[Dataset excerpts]
- - -

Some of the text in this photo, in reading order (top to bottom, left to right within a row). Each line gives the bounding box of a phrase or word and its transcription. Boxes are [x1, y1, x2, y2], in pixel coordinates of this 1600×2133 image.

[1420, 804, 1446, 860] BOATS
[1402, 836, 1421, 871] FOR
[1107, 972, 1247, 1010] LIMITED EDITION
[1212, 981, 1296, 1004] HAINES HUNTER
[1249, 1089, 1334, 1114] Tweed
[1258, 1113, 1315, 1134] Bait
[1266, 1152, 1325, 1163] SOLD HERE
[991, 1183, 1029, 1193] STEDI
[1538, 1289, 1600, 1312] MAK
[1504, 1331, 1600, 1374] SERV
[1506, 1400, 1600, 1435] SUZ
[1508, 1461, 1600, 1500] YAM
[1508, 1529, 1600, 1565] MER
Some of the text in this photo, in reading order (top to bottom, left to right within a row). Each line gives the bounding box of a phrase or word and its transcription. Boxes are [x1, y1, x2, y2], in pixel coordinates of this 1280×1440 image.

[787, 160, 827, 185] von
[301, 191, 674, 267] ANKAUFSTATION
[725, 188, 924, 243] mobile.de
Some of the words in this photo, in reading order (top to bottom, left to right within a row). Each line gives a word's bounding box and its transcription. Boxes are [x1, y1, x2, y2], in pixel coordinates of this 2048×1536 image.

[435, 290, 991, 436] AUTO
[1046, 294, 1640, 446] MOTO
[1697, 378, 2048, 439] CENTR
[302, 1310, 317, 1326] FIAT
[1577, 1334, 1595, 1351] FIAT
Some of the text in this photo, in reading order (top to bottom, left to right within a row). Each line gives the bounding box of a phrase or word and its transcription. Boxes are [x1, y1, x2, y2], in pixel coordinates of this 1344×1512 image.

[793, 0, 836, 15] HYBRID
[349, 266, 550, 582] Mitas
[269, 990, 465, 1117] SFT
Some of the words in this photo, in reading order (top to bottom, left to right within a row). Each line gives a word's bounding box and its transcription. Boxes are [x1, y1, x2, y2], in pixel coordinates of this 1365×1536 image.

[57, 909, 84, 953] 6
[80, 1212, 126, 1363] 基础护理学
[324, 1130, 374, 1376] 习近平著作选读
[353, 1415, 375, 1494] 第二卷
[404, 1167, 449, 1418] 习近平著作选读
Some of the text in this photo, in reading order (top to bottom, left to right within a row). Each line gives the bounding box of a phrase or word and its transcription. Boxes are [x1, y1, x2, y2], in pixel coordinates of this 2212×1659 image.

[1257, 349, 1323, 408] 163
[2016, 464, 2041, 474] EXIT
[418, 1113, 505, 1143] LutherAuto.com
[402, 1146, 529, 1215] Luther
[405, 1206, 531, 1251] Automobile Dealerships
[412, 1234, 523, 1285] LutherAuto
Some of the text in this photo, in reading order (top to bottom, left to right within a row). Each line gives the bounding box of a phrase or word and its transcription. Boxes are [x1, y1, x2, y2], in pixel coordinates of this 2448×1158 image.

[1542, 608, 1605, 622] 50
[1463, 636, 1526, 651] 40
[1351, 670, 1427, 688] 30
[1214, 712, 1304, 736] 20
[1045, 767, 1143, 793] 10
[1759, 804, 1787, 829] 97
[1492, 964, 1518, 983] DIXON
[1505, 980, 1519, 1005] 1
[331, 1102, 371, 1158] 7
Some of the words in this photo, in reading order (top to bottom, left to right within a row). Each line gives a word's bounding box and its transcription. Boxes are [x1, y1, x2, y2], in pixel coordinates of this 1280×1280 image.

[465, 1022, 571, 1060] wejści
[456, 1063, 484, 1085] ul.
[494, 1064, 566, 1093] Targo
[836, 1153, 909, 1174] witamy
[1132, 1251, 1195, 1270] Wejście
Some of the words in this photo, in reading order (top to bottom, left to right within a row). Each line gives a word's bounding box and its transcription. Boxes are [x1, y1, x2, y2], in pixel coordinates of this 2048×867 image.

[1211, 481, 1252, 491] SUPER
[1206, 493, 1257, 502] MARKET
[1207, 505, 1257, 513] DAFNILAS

- - -

Problem to solve => The records above must be written out again exactly.

Exercise answer =>
Some of the text in this photo, in reading order (top to bottom, left to right within a row). Each line gives the bounding box of a phrase or word and its transcription. Boxes are [x1, y1, x2, y2], in pixel coordinates of this 1600×2133 image.

[1420, 804, 1446, 860] BOATS
[1402, 836, 1421, 871] FOR
[1107, 972, 1247, 1010] LIMITED EDITION
[1212, 981, 1296, 1004] HAINES HUNTER
[1249, 1089, 1334, 1114] Tweed
[1258, 1113, 1315, 1134] Bait
[1266, 1152, 1325, 1163] SOLD HERE
[991, 1183, 1029, 1193] STEDI
[1538, 1289, 1600, 1312] MAK
[1504, 1331, 1600, 1374] SERV
[1506, 1400, 1600, 1435] SUZ
[1508, 1461, 1600, 1500] YAM
[1508, 1529, 1600, 1565] MER
Some of the text in this photo, in reading order (top to bottom, left to right within a row). Each line gives the bounding box of a phrase or word and its transcription. Boxes are [x1, y1, x2, y2], in pixel coordinates of this 1280×1440 image.

[787, 160, 827, 185] von
[301, 191, 674, 267] ANKAUFSTATION
[725, 188, 924, 243] mobile.de
Some of the words in this photo, in reading order (top to bottom, left to right within a row). Each line gives a word's bounding box and its transcription. Boxes are [x1, y1, x2, y2], in pixel coordinates of this 2048×1536 image.

[435, 290, 991, 436] AUTO
[1046, 294, 1640, 446] MOTO
[1697, 378, 2048, 439] CENTR
[302, 1310, 317, 1326] FIAT
[1577, 1334, 1595, 1351] FIAT
Some of the text in this photo, in reading order (top to bottom, left to right within a row). Each line gives the bounding box of a phrase or word and its transcription. Boxes are [x1, y1, x2, y2], in pixel coordinates of this 1344×1512 image.

[793, 0, 836, 15] HYBRID
[349, 266, 550, 582] Mitas
[269, 990, 465, 1117] SFT
Some of the words in this photo, in reading order (top to bottom, left to right within a row). Each line gives a word's bounding box and its transcription. Boxes are [x1, y1, x2, y2], in pixel coordinates of this 1365×1536 image.

[57, 909, 84, 953] 6
[80, 1212, 126, 1363] 基础护理学
[324, 1130, 374, 1376] 习近平著作选读
[353, 1415, 375, 1494] 第二卷
[404, 1167, 449, 1418] 习近平著作选读
Some of the text in this photo, in reading order (top to bottom, left to right within a row). Each line gives the bounding box of a phrase or word and its transcription. Boxes are [x1, y1, x2, y2], in pixel coordinates of this 2212×1659 image.

[1257, 349, 1323, 408] 163
[2016, 464, 2041, 474] EXIT
[418, 1113, 505, 1143] LutherAuto.com
[402, 1146, 529, 1215] Luther
[405, 1206, 531, 1251] Automobile Dealerships
[412, 1234, 523, 1285] LutherAuto
Some of the text in this photo, in reading order (top to bottom, left to right within a row). Each line gives the bounding box of a phrase or word and its transcription. Boxes are [x1, y1, x2, y2], in pixel coordinates of this 2448×1158 image.

[1542, 608, 1605, 622] 50
[1463, 636, 1526, 651] 40
[1351, 670, 1427, 688] 30
[1214, 712, 1304, 736] 20
[1045, 767, 1143, 793] 10
[1759, 804, 1787, 829] 97
[1492, 964, 1518, 983] DIXON
[1505, 980, 1519, 1005] 1
[331, 1102, 371, 1158] 7
Some of the words in this photo, in reading order (top to bottom, left to right within a row). Each line gives a word's bounding box and its transcription. Boxes are [x1, y1, x2, y2], in pixel coordinates of this 1280×1280 image.

[465, 1022, 571, 1060] wejści
[456, 1063, 484, 1085] ul.
[494, 1064, 566, 1093] Targo
[836, 1153, 909, 1174] witamy
[1132, 1251, 1195, 1270] Wejście
Some of the words in this photo, in reading order (top to bottom, left to right within a row). Each line gives a word's bounding box and its transcription. Boxes are [x1, y1, x2, y2], in pixel coordinates of this 2048×867 image.

[1211, 481, 1252, 491] SUPER
[1206, 493, 1257, 502] MARKET
[1207, 505, 1257, 513] DAFNILAS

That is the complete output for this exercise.